Data were extracted from the hospital's electronic medical records systems, including information on prenatal fertility-related characteristics, obstetric complications, labor and delivery summaries, and postpartum maternal and neonatal information. The prenatal information of the participants was obtained through a baseline questionnaire during the first prenatal visit (8.0–13.6 GW), which included blood pressure, maternal age, educational level, gravidity, parity, and medical history and medications. In subsequent prenatal visits, registered pregnant women will be screened for GDM between 24 and 28 GW, followed by serum iron level testing again between 29.0 and 31.6 GW. Pre-pregnancy body mass index (BMI), categorized as <18.5, 18.5–24.0, 24.0–28.0, and >28 kg/m2, was calculated based on self-reported pre-pregnancy weight and height. Gestational weeks were estimated based on self-reported last menstrual period and confirmed by first-trimester ultrasound. GDM was diagnosed using the International Association of Diabetes and Pregnancy Study Groups (IADPSG) criteria. The one step 75 g, 2 h OGTT was performed at 24–28 weeks of gestation, GDM was diagnosed when any one or more glucose values met or exceeded the following cut-offs: fasting ≥5.1 mmol/L, 1-h ≥ 10.0 mmol/L, and 2-h ≥ 8.5 mmol/L. SF levels were measured using a commercialized Maglumi ferritin immunoluminometric assay with a Beckman coulter Dxl 800 access machine at our institution.

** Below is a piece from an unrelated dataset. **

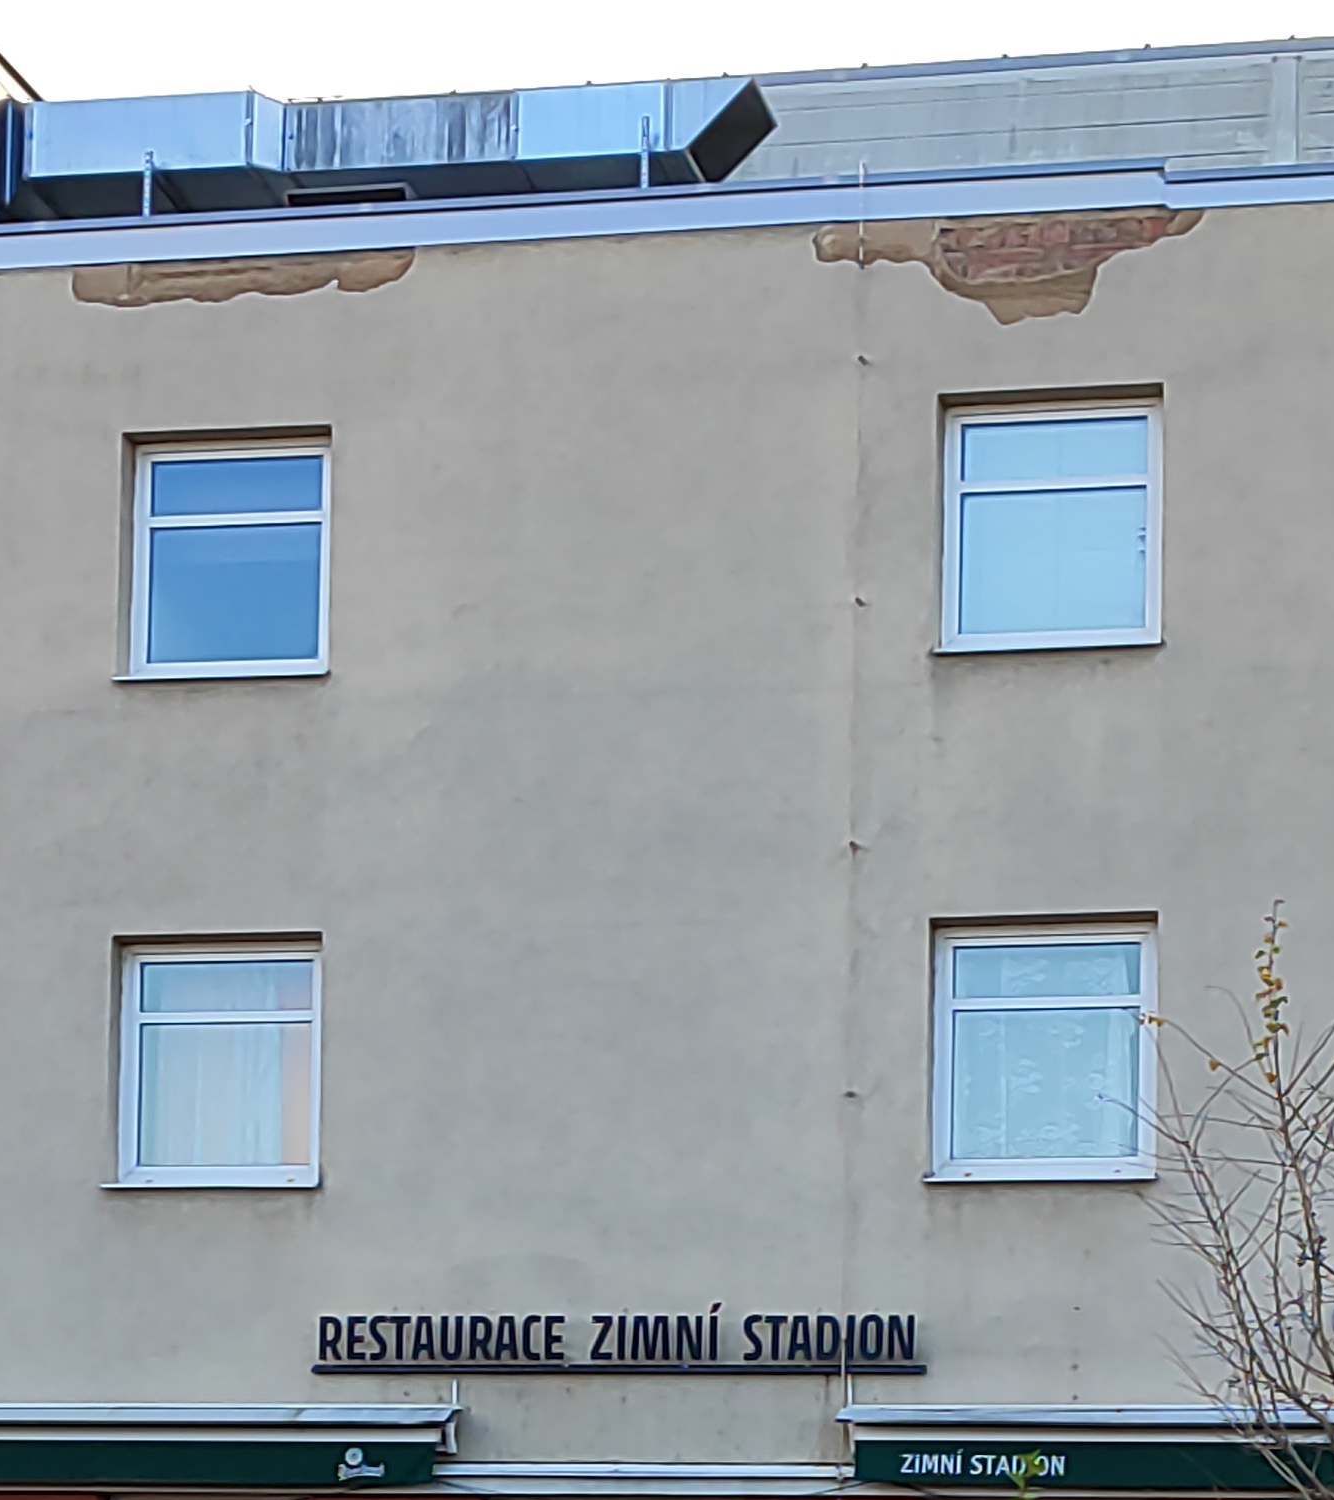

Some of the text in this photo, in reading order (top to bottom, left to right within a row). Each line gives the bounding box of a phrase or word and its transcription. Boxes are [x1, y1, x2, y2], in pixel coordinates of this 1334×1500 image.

[319, 1302, 915, 1361] RESTAURACE ZIMNÍ STADION
[899, 1448, 1066, 1477] ZIMNÍ STADON

The reagents and calibrants used were from the same company, and the interassay coefficient of variation for this analysis was <5%.17, 18
2.2 Statistical analysis
The data were examined for missing and extreme values, as well as for logic checks. Descriptive statistics were presented as means and standard deviations for normally distributed variables, medians and ranges for skewed distributed variables, and numbers and percentages for categorical variables. Categorical variables were analyzed using a chi-square test, while the independent sample t-test was used to compare two groups with continuous variables that follow a normal distribution. For nonnormally distributed continuous data, the Mann–Whitney U test was used. Women had SF concentration measurements and blood sampling at 8.0–13.6 GW and subsequently repeat measurements at 29.0–31.6 GW. The quartiles of SF concentrations were defined based on the distribution of SF levels in two different trimesters. Women were stratified into four groups based on quartiles of SF concentrations (quartile 1 as the reference, quartile 4 as the highest) to examine whether SF levels at the two different trimesters were associated with GDM. To assess the association of longitudinal change in maternal SF levels with GDM, women were stratified into nine groups based on quartiles of SF concentrations at the two measurements: low (<25th percentile), intermediate (25th–75th percentile), and high (>75th percentile) in the two measurements, a 3 × 3 matrix, with the 2 × 2 group serving as the reference. The associations were assessed by calculating odds ratios (ORs) and their 95% confidence intervals (CIs) using log-Poisson regression.19 Besides, the adjusted OR were obtained after adjusting potential confounding factors: age, pre-pregnancy BMI, hypertensive disorders, intrahepatic cholestasis of pregnancy (ICP), parity, white cell count, and gestational weeks. Tests for trends were performed by fitting median values for each quartile of SF concentrations as a continuous variable. To model the association between continuous SF concentrations and ORs of GDM, 5-knots restricted cubic spline regression was performed using the Stata (version 17.0; Stata Corp). Other analyses were performed using the SPSS software (version 26; IBM Corp, Chicago, IL). All the statistical tests were two-tailed, and p-values of <0.05 were considered statistically significant.
3 RESULTS
After excluding women with multiple pregnancies, pre-pregnancy diabetes, hemoglobinopathies, and chronic infections, a total of 17 560 women met the inclusion criteria and were analyzed. Supplemental Figure S1 shows the flowchart of the study population. The characteristics of GDM and non-GDM pregnant women are shown in Table 1. Women in the GDM group were older, heavier, and more likely to have complications including hypertensive disorders and ICP (Table 1). Hemoglobin (Hb) levels were higher in the GDM group at both measurement times, whereas the white blood cell (WBC) count in the GDM group were slightly higher at the first measurement and slightly lower at the second measurement. Furthermore, there were more cases of large for gestational age (LGA) and a decreased vaginal delivery rate in the GDM group. The incidence of premature rupture of membranes (PROM) was higher in the GDM group. However, the proportion of preterm birth and neonatal asphyxia (Apgar scores ≤7) showed no significant difference between the two groups.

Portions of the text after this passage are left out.